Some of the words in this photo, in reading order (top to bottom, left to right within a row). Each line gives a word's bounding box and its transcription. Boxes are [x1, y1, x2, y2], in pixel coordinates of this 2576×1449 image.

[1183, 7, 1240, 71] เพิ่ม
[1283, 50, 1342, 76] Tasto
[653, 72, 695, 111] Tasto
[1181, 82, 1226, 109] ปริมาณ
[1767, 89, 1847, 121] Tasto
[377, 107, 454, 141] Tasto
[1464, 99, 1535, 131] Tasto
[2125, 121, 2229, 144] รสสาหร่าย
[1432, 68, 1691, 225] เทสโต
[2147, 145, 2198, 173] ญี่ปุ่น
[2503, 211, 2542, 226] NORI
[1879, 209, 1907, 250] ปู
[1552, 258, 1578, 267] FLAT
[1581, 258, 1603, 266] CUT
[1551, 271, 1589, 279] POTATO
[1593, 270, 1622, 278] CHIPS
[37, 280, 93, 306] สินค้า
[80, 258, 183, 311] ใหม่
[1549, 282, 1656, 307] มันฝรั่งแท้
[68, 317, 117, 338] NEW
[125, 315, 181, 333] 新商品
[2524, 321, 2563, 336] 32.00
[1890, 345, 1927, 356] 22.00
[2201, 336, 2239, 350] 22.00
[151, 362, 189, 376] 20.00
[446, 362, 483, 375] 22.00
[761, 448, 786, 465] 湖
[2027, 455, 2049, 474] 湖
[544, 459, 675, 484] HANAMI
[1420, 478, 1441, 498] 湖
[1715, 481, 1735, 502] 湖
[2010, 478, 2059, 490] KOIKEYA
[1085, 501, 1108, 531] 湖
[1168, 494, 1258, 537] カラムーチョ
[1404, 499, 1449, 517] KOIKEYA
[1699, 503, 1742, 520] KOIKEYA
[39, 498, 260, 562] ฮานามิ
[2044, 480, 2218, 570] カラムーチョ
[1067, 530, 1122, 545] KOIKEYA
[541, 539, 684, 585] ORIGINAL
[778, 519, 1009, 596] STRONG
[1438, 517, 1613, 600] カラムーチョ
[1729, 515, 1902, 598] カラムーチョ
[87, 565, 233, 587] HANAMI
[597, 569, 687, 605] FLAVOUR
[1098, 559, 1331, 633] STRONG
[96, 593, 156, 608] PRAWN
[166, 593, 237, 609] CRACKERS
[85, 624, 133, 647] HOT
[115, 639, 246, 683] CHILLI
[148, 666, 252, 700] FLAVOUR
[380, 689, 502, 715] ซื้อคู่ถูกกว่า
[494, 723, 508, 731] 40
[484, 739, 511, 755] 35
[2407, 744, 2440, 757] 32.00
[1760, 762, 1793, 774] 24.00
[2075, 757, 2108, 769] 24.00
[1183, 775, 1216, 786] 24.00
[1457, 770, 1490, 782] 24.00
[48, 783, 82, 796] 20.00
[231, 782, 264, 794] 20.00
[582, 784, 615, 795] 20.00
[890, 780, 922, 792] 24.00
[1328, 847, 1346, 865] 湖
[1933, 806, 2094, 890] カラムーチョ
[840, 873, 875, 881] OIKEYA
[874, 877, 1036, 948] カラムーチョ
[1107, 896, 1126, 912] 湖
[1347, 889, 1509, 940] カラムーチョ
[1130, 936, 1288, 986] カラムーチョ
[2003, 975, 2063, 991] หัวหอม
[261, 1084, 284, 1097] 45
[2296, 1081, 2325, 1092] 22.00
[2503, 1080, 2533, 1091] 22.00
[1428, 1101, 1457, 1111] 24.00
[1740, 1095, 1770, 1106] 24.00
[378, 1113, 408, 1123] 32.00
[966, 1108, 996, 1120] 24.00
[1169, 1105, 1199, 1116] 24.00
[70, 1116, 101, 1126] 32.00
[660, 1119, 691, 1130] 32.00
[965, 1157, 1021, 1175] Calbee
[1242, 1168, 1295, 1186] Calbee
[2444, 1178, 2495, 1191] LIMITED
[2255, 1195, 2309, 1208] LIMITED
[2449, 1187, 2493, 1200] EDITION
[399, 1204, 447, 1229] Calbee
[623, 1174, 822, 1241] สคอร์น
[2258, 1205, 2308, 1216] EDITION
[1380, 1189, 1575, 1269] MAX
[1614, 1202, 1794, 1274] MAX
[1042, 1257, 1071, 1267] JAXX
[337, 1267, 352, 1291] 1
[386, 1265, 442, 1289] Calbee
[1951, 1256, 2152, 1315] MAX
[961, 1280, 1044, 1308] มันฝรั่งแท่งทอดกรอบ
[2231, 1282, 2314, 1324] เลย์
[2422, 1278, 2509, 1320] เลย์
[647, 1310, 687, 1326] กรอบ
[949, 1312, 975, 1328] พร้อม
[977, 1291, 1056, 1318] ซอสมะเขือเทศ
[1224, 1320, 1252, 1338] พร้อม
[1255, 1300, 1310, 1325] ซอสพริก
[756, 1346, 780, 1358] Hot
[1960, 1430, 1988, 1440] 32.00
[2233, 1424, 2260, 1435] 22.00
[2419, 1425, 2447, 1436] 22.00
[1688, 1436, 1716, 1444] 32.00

## WORK REQUIRED
Among the lines above, count those containing "Tasto" and give only that count.

## ANSWER AREA
5